Dans ce saint lieu de la compétition où règne une ambiance amicale et un joyeux bordel, on retrouve l’élite de la vitesse française des années 70/80. De grands pilotes sur de petites machines. Lesquelles tombent souvent en panne, forcément. En fait, quand on se balade dans le village, on s’aperçoit que tout le monde bricole. C’est un passage obligé. Au point où je soupçonne certains de mes confrères de simuler des pannes sur leurs monos pour avoir l’impression de faire partie du groupe. Un refait sa carburation, un autre remplace son allumage, un autre encore explore son circuit électrique à la recherche d’un problème intermittent et un dernier ouvre son moteur bloqué sur l’asphalte pour le réparer à la hâte, avec l’aide de quelques bons samaritains aux dons de mécanos reconnus. Personnellement, depuis l’an dernier, j’ai fait plus de mécanique lors des cinq événements auxquels j’ai participés que durant toute ma vie. C’est vous dire. Et aux TGJ, j’ai loupé deux séances de roulage, une à cause d’un fusible de batterie mal fixé, l’autre d’un carburateur capricieux que Pascal et Joseph (mes mécanos personnels) m’ont aidé à nettoyer et à régler.

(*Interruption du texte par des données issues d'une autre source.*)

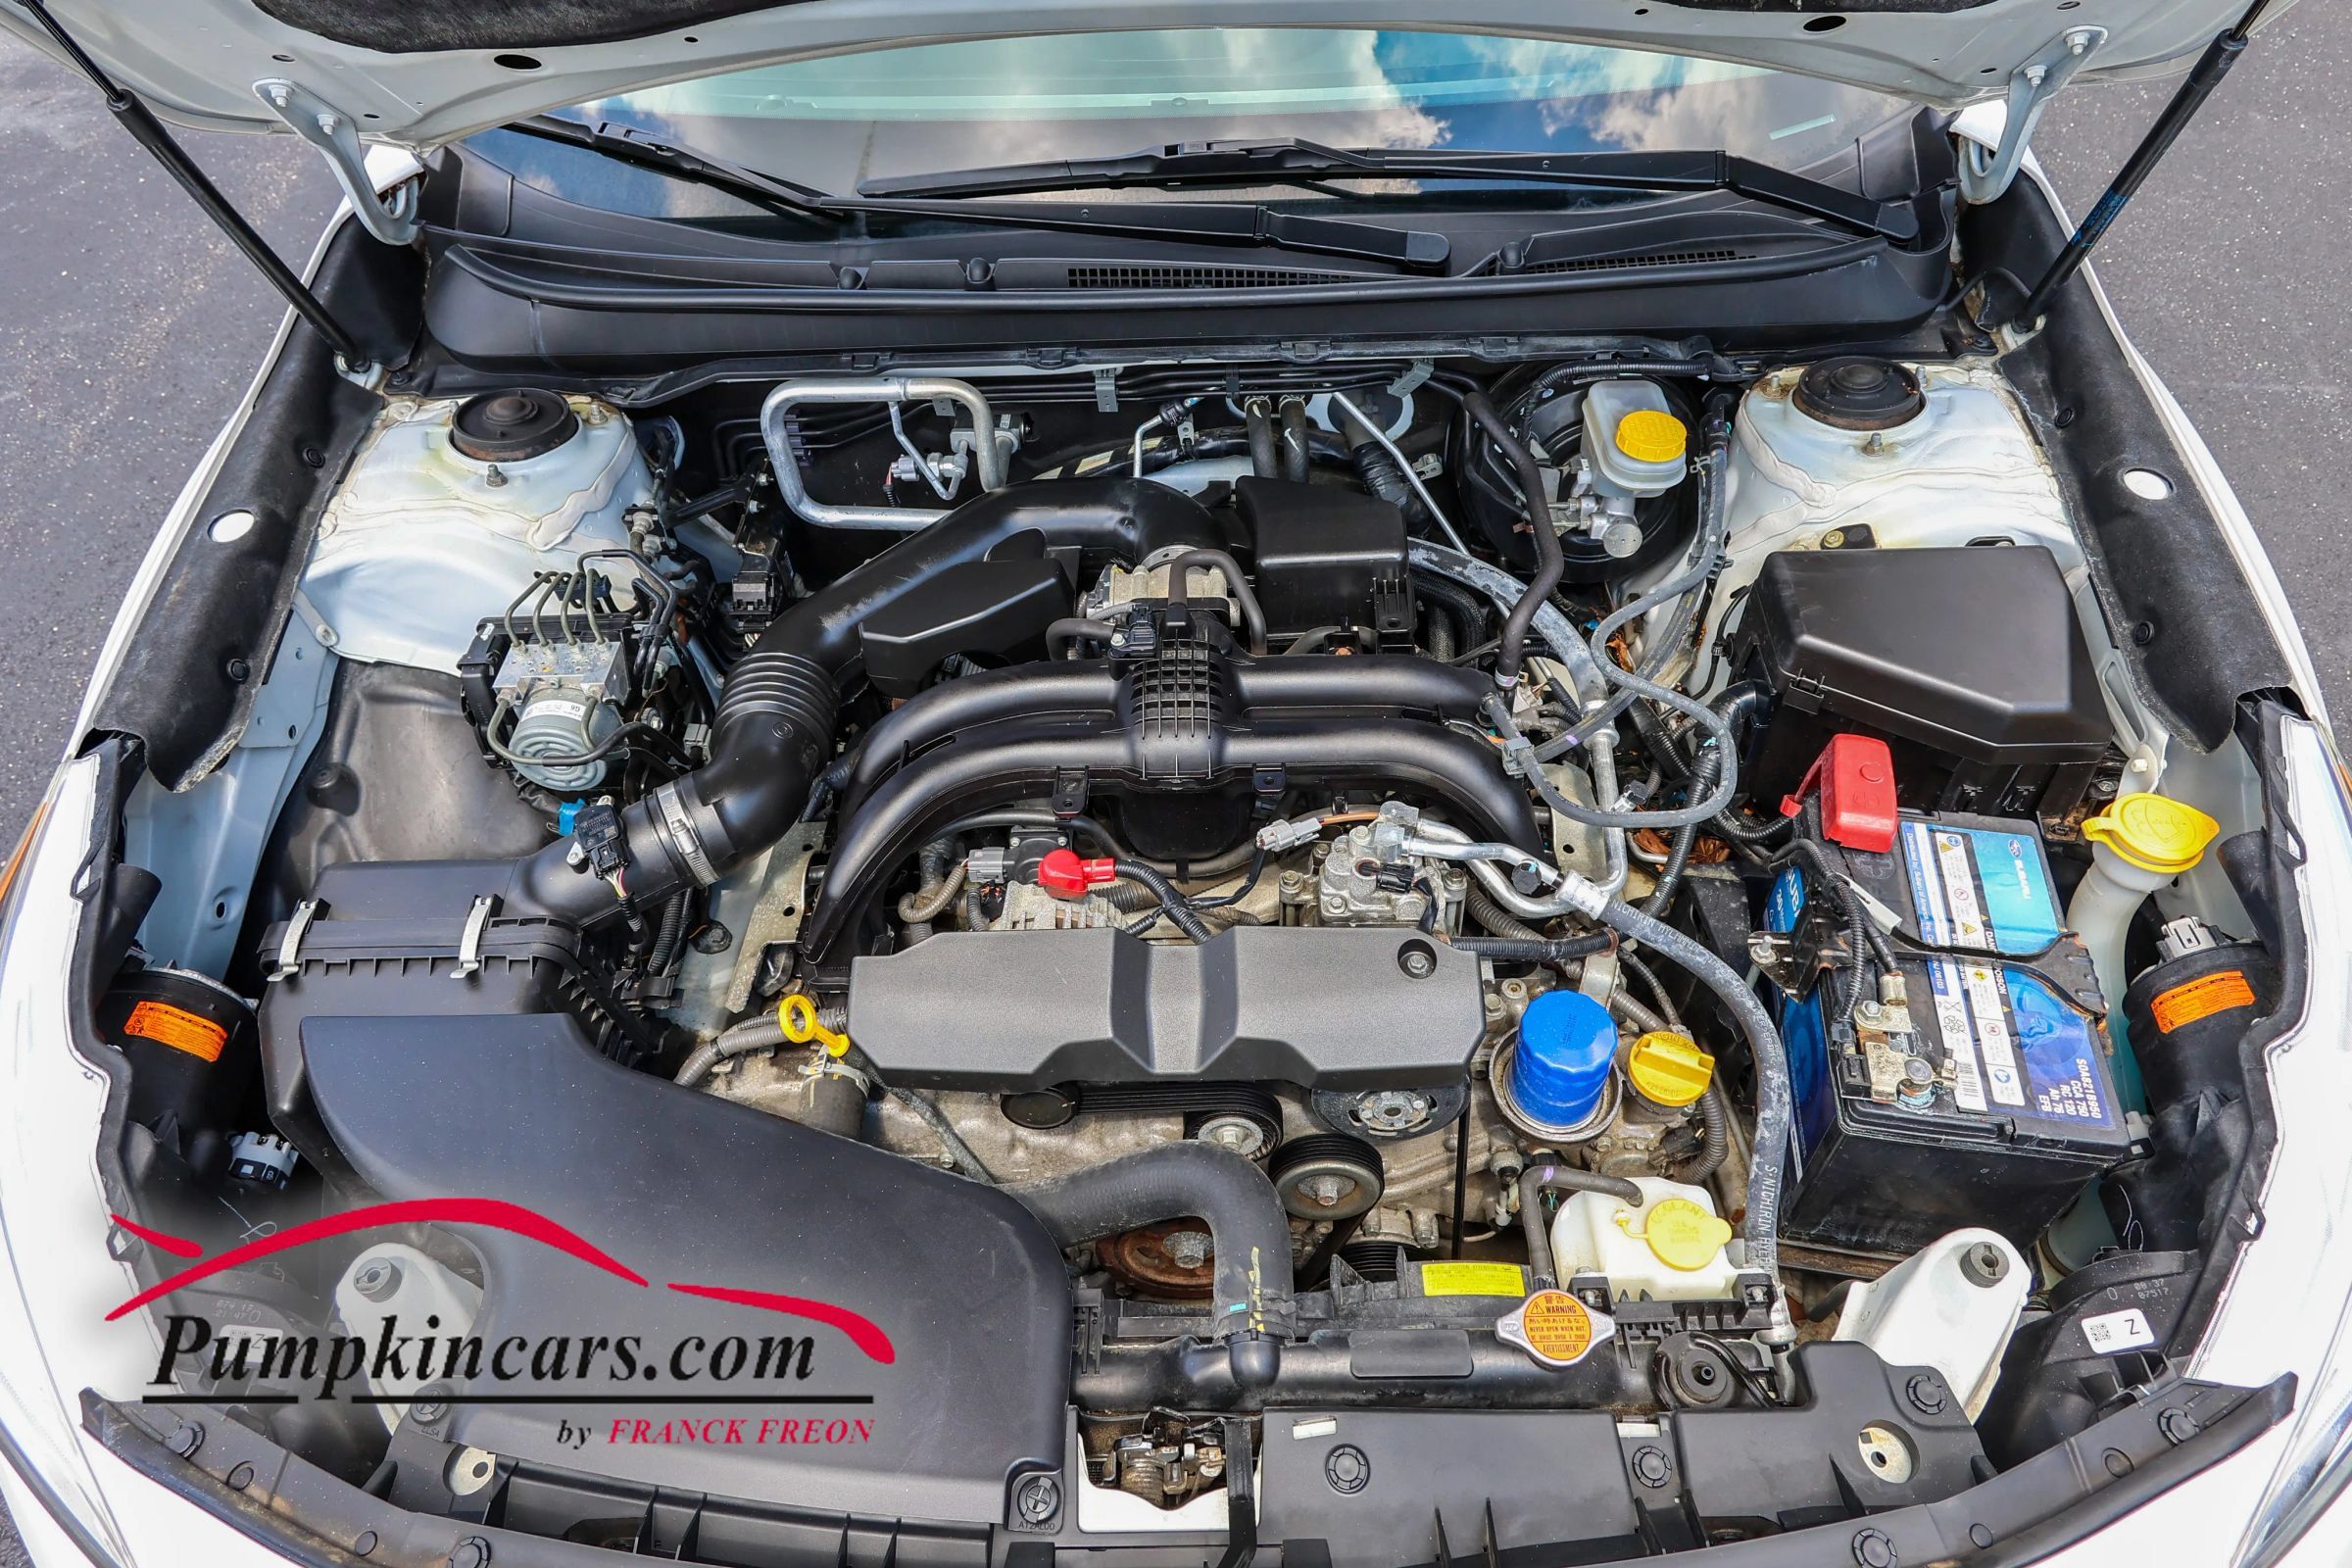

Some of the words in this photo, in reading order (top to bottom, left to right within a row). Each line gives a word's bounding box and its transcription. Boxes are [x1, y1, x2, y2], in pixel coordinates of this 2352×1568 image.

Mais cela n’entame en rien la bonne humeur du groupe, au contraire. L’amitié et l’entraide permettent de venir à bout de tous les problèmes — mécaniques ou humains — et on finit tous par se retrouver sur la piste pour se chamailler comme de sales gosses dans une cour d’école. Le soir, tout le monde se retrouve sous le chapiteau de l’association pour une bouffe communautaire durant laquelle on partage moult victuailles et de nombreuses bouteilles de vin et d’alcool fort. Une occasion de se remémorer le bon vieux temps et nos exploits d’antan. À l’époque où on a failli courir en Grand Prix, voire devenir champion du monde. Ou tout simplement faire une vraie carrière de pilote. Car le talent, on l’avait. C’est l’argent qui faisait défaut. C’est pour ça qu’on avait choisi le Challenge Honda pour se lancer en compétition. Parce que ce n’était pas cher et que l’on pouvait faire valoir notre niveau de pilotage, les motos étant toutes de série, donc égales (enfin presque).
Une super expérience
En ce qui me concerne, j’ai adoré ma participation aux TGJ. C’est un événement remarquable, avec une ambiance incroyable et un esprit dont certains promoteurs devraient s’inspirer. Malgré le côté surréaliste de la rencontre, l’organisation est irréprochable et professionnelle, tout en gardant un côté humain et fraternel que j’ai grandement apprécié.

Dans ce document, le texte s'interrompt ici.